A Plot to Oust the House Speaker Hits Weary Investors

Representative Matt Gaetz of Florida moved on Monday to oust Kevin McCarthy as speaker, looking to exact punishment on the top House Republican for siding with Democrats to forge a short-term deal to avert a government shutdown.

The extraordinary power play — just the third time in more than 200 years that such a move has been made against a speaker — risks throwing the House into more turmoil. The shutdown crisis isn’t over, as the deal expires next month. And the repercussions are already being felt in the rocky bond market.
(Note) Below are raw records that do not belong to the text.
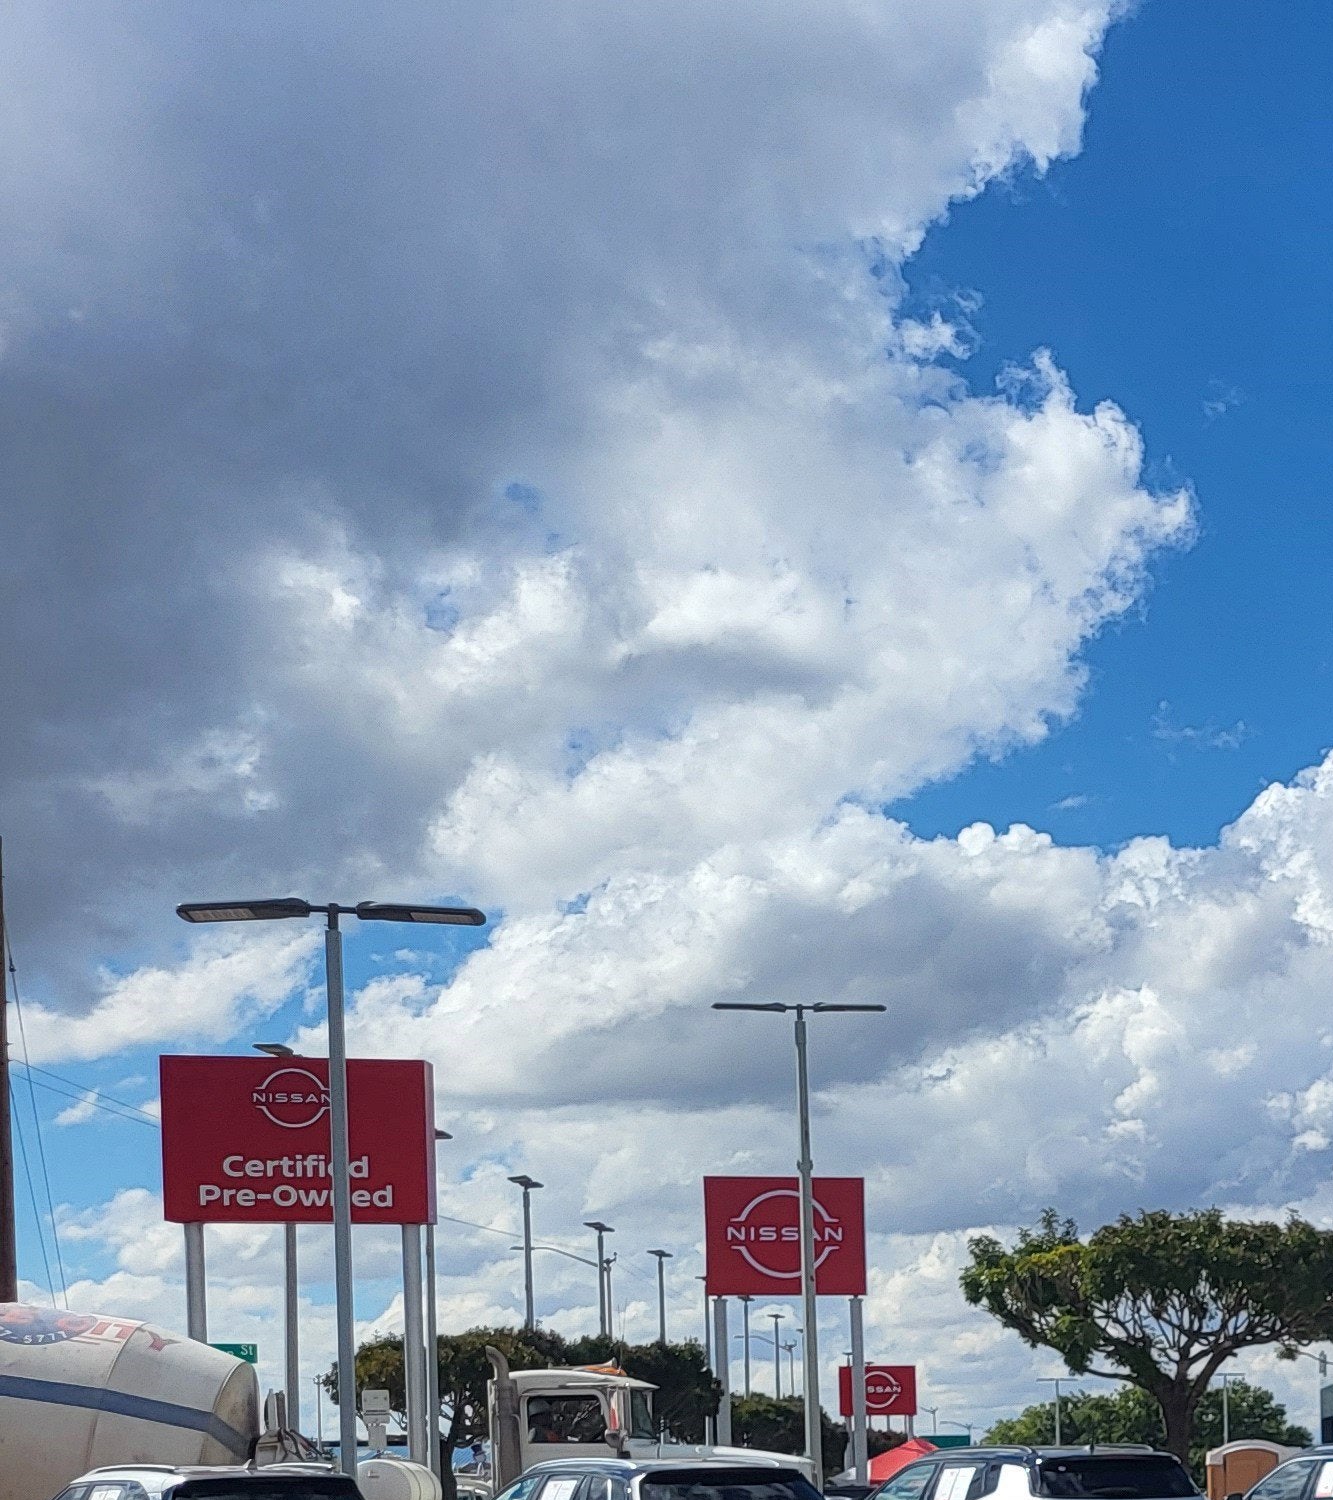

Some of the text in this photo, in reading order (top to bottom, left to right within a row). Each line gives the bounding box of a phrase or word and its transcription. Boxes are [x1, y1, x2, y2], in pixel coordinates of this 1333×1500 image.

[252, 1092, 331, 1104] NISSAN
[222, 1154, 369, 1179] Certifid
[198, 1184, 394, 1208] Pre-Owed
[240, 1344, 254, 1356] St
[867, 1385, 902, 1394] SSAN
The clash between McCarthy and hard-right Republicans is coming to a head. Gaetz’s move kick-starts a process that could lead to a vote on whether McCarthy can remain in his post. The speaker has two legislative days to address the motion, and he seems to be girding for a fight. “Bring it on,” McCarthy posted on X, formerly known as Twitter, shortly after the motion was filed.

If unable to block the motion, McCarthy would need backing from a majority of the voting House members to stay in power.
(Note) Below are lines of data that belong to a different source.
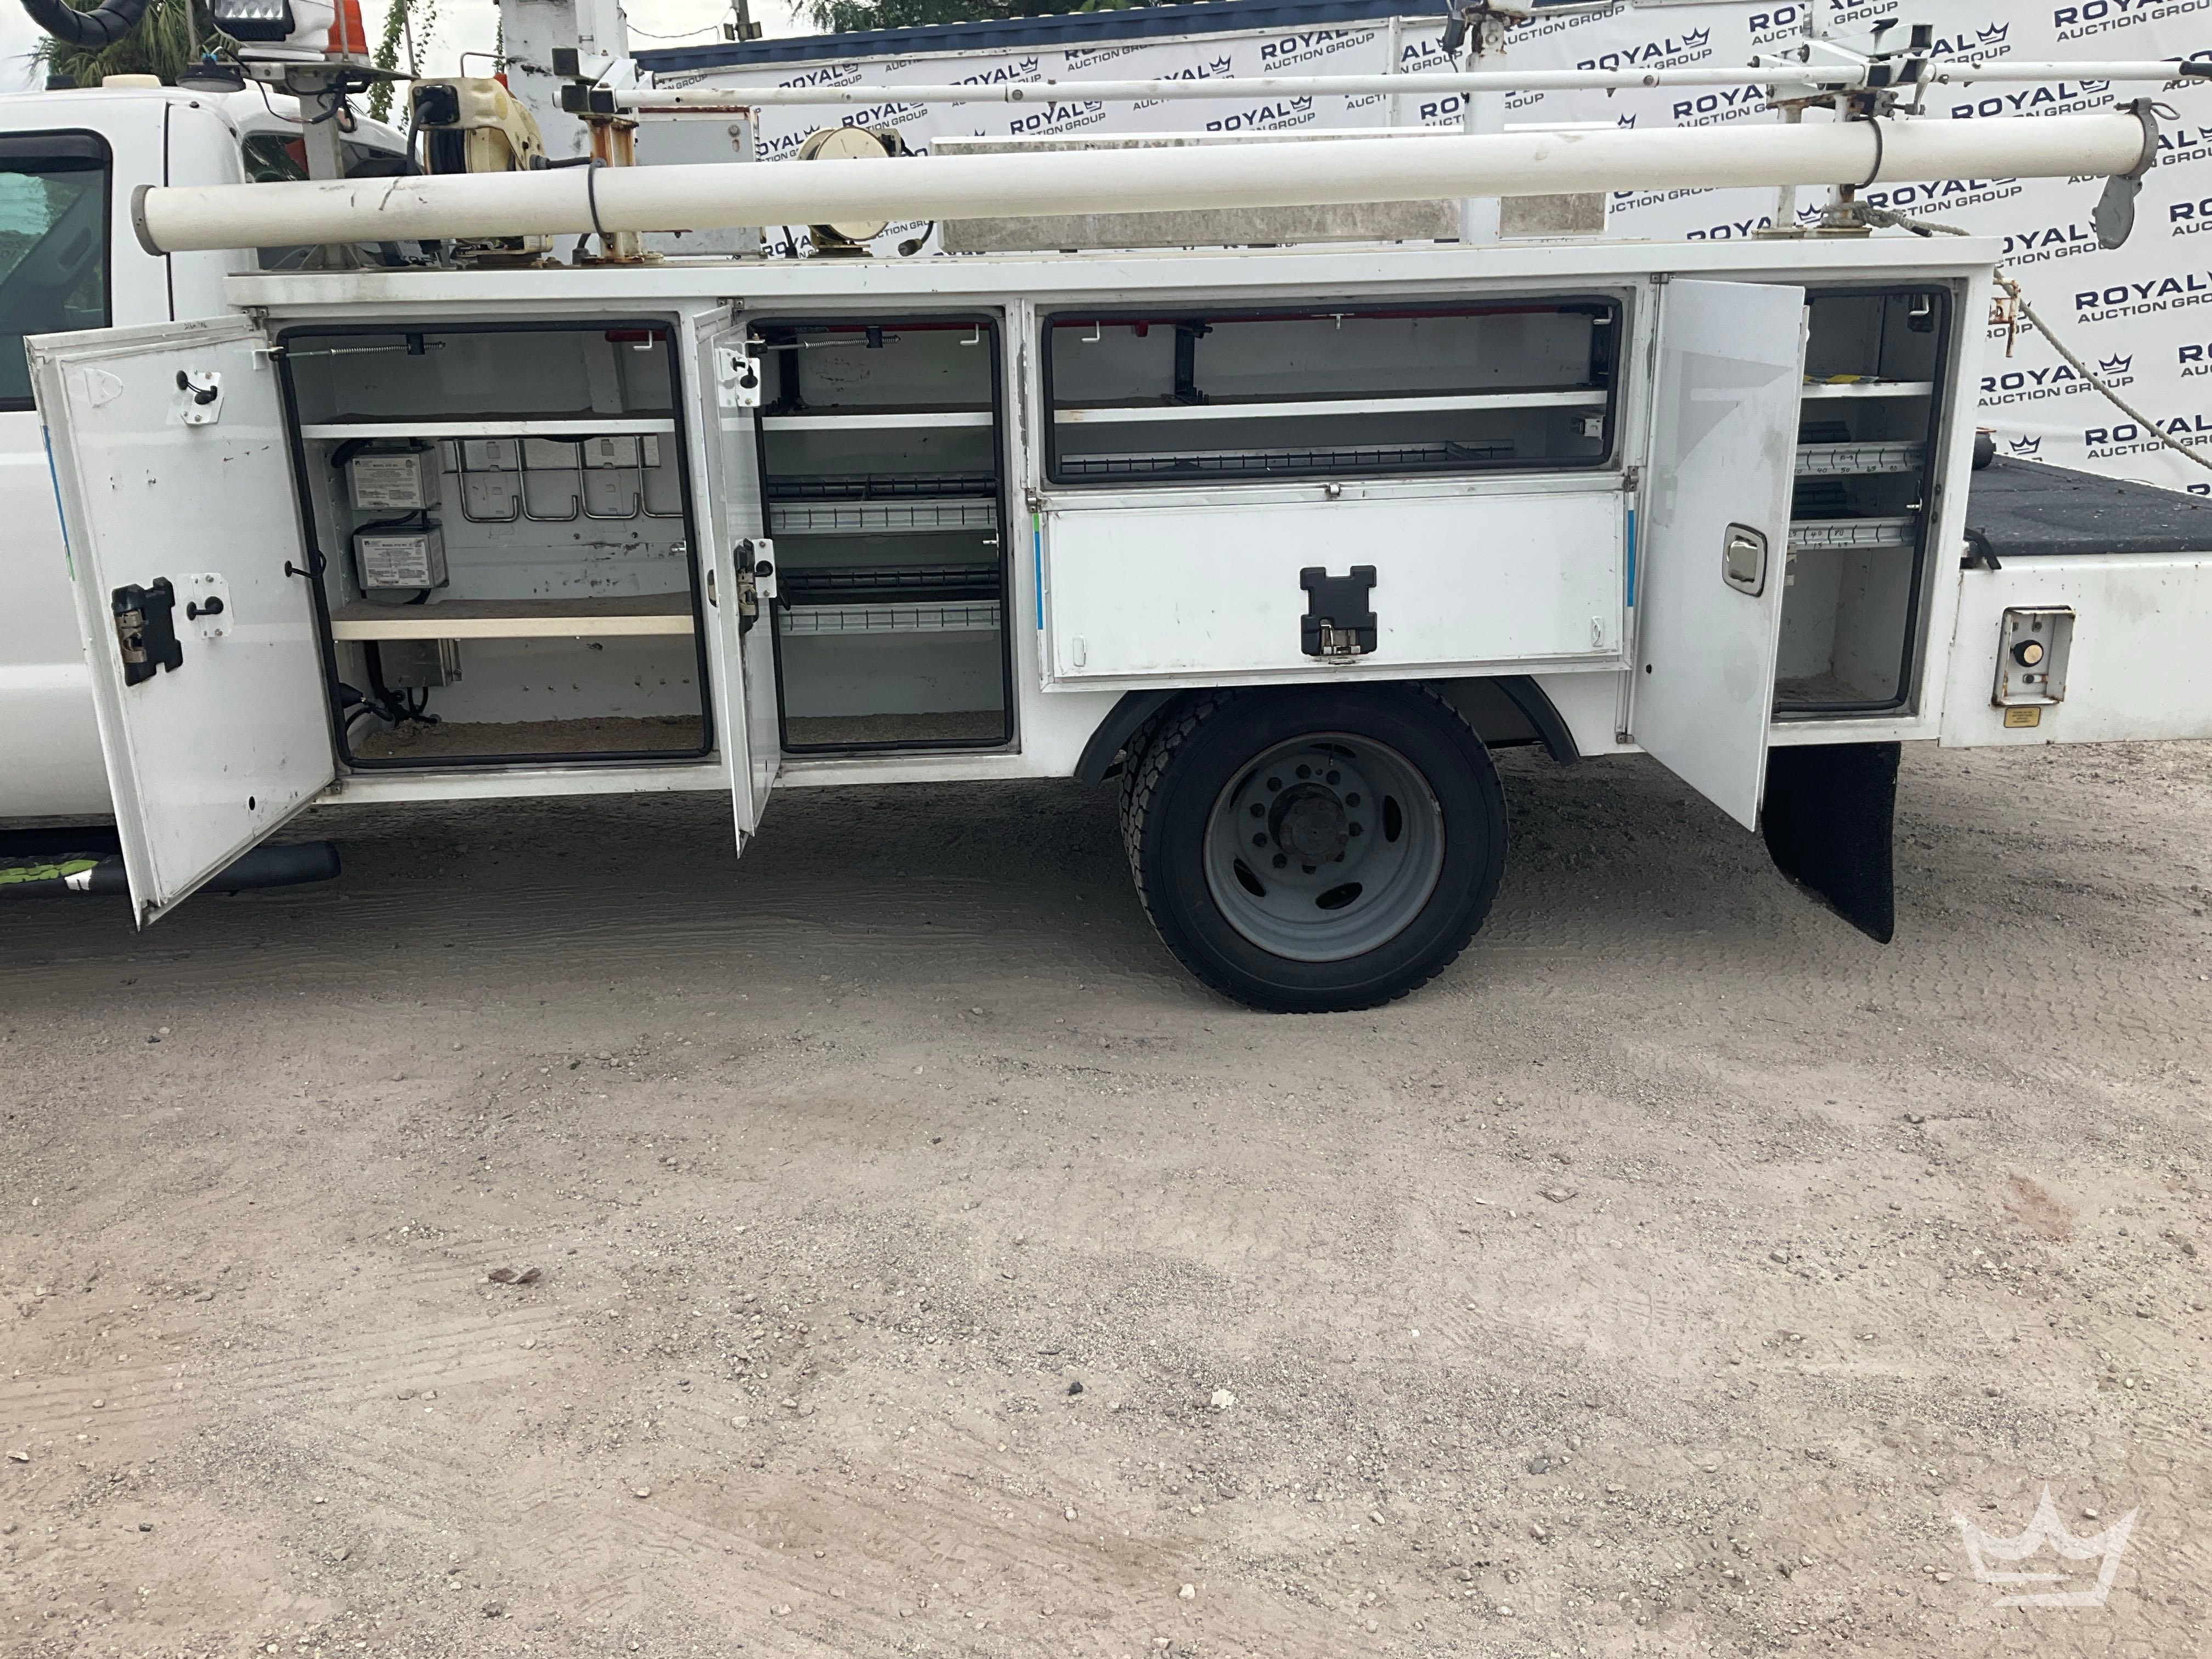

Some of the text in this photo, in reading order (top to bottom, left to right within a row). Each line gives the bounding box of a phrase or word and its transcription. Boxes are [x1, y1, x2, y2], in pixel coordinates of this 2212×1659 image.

[1569, 5, 1625, 28] GROUP
[1834, 2, 1898, 25] GROUP
[2055, 0, 2172, 27] ROY
[2057, 0, 2211, 42] AUCTION GROU
[1261, 30, 1348, 60] ROYAL
[1752, 25, 1804, 46] AUCTI
[1068, 48, 1120, 72] AUCTION
[1264, 48, 1323, 72] AUCTION
[1326, 32, 1375, 54] GROUP
[1412, 50, 1463, 71] GROUP
[1655, 48, 1712, 69] GROUP
[676, 74, 708, 89] GROUP
[949, 65, 1020, 85] OYAL
[1346, 94, 1386, 110] AUCTI
[1505, 93, 1544, 110] ROUP
[1673, 84, 1764, 119] ROYA
[1951, 82, 2078, 119] ROYAL
[2045, 94, 2115, 117] GROUP
[842, 103, 908, 127] ROYAL
[891, 109, 928, 126] GROUP
[1010, 103, 1084, 134] ROYAL
[1065, 112, 1106, 131] GROUP
[1206, 103, 1290, 131] ROYAL
[1268, 112, 1315, 131] GROUP
[759, 133, 805, 156] OYAL
[1609, 193, 1665, 214] CTION
[1867, 179, 1988, 208] ROYAL
[1903, 186, 2023, 218] TION GROUP
[1687, 216, 1771, 240] OYA
[2002, 224, 2089, 254] YAL
[2055, 241, 2107, 258] GRO
[2075, 274, 2207, 310] ROYAL
[2078, 293, 2212, 324] AUCTION GRO
[1978, 376, 2134, 407] AUCTION GRUP
McCarthy’s fate may (once again) depend on Democrats. But they have expressed reluctance to extend another lifeline to a political opponent. “I am not a cheap date,” Rep. James McGovern of Massachusetts, the top Democrat on the Rules Committee, told The Times.

The Capitol Hill uncertainty is adding to market volatility. The Dow Jones industrial average fell on Monday, and stock futures were pointing to another weak open on Tuesday. The biggest damage was in the bond market, where the yield on a 10-year Treasury bill topped 4.7 percent this morning, a 16-year high. (Yields rise when prices fall).
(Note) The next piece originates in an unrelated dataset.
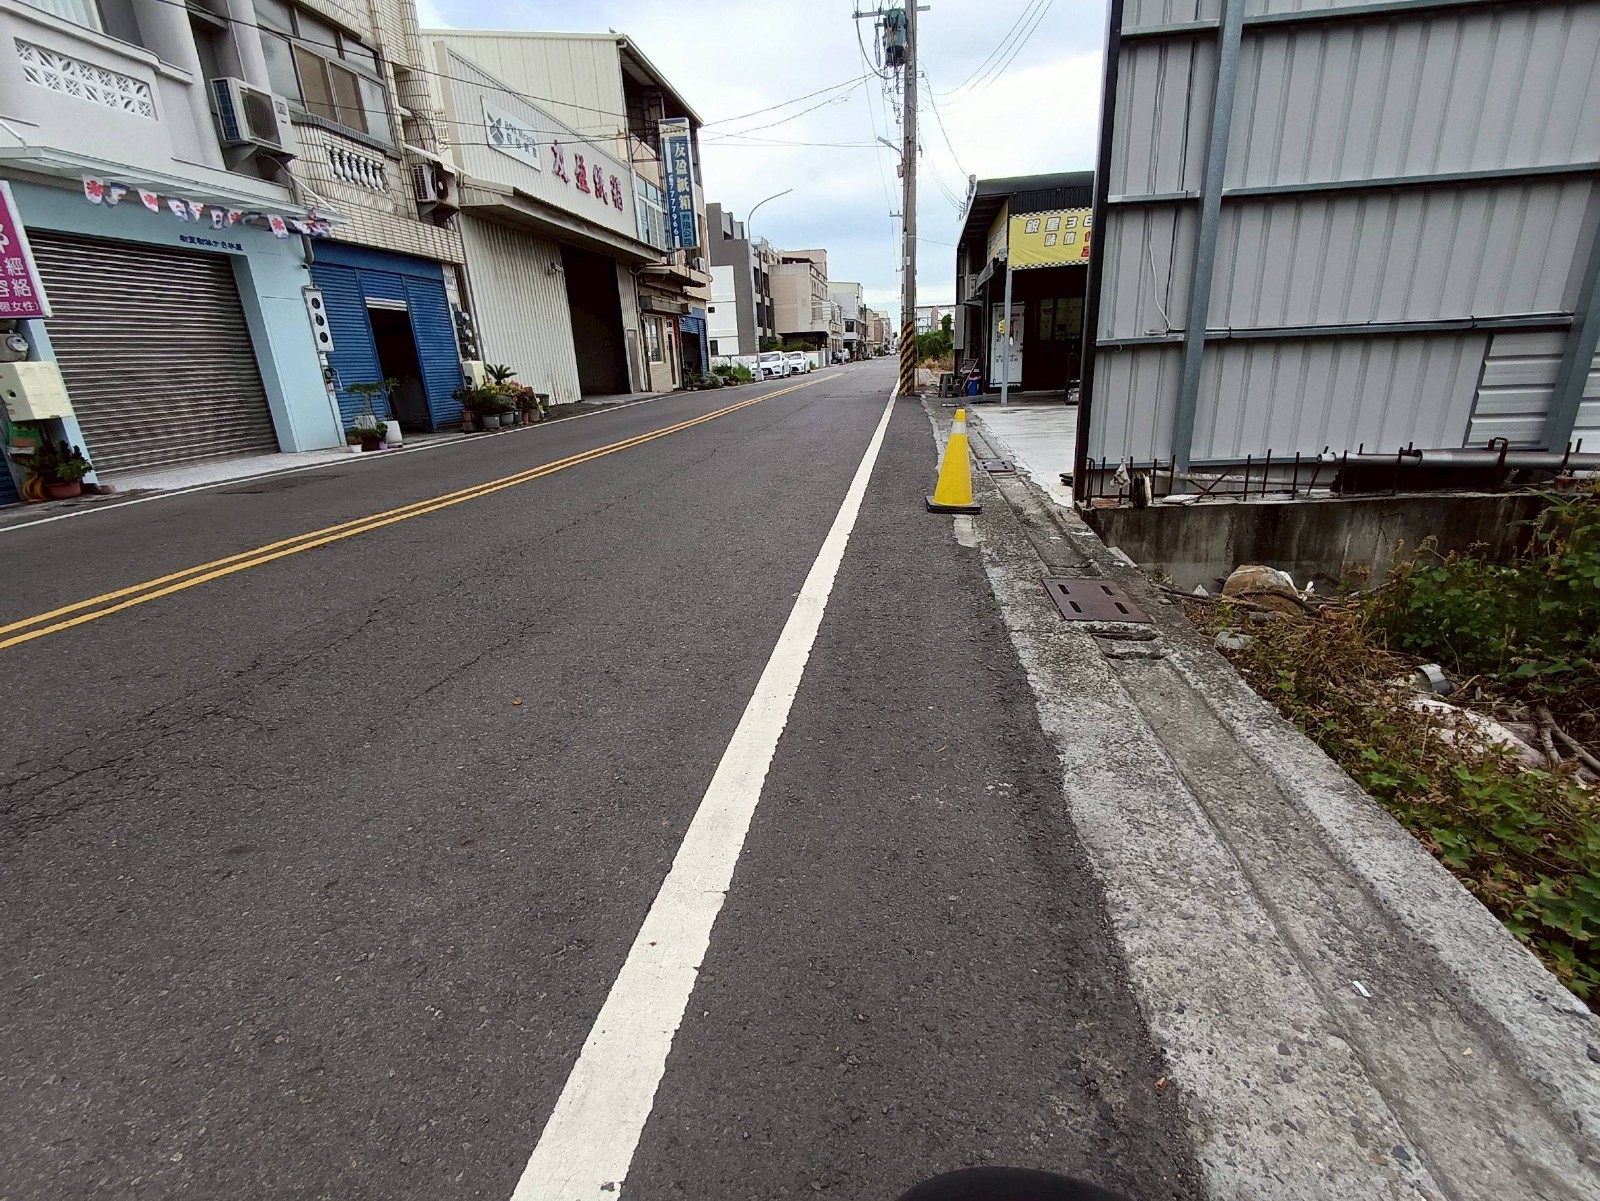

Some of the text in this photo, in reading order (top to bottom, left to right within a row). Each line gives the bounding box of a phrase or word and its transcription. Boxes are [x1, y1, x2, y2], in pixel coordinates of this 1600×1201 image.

[674, 142, 692, 210] 友盈紙箱
[681, 213, 694, 246] 有限公司
Some observers had predicted that a shutdown might bring some relief to bonds. A closed-for-business government, the theory went, would have likely meant that some economic data, like Friday’s jobs report, would not be published. That “would leave the Fed flying blind,” the BMO Capital Markets strategists Ian Lyngen and Ben Jeffery wrote to investors, possibly forcing the central bank to hold off on any planned interest rate increases.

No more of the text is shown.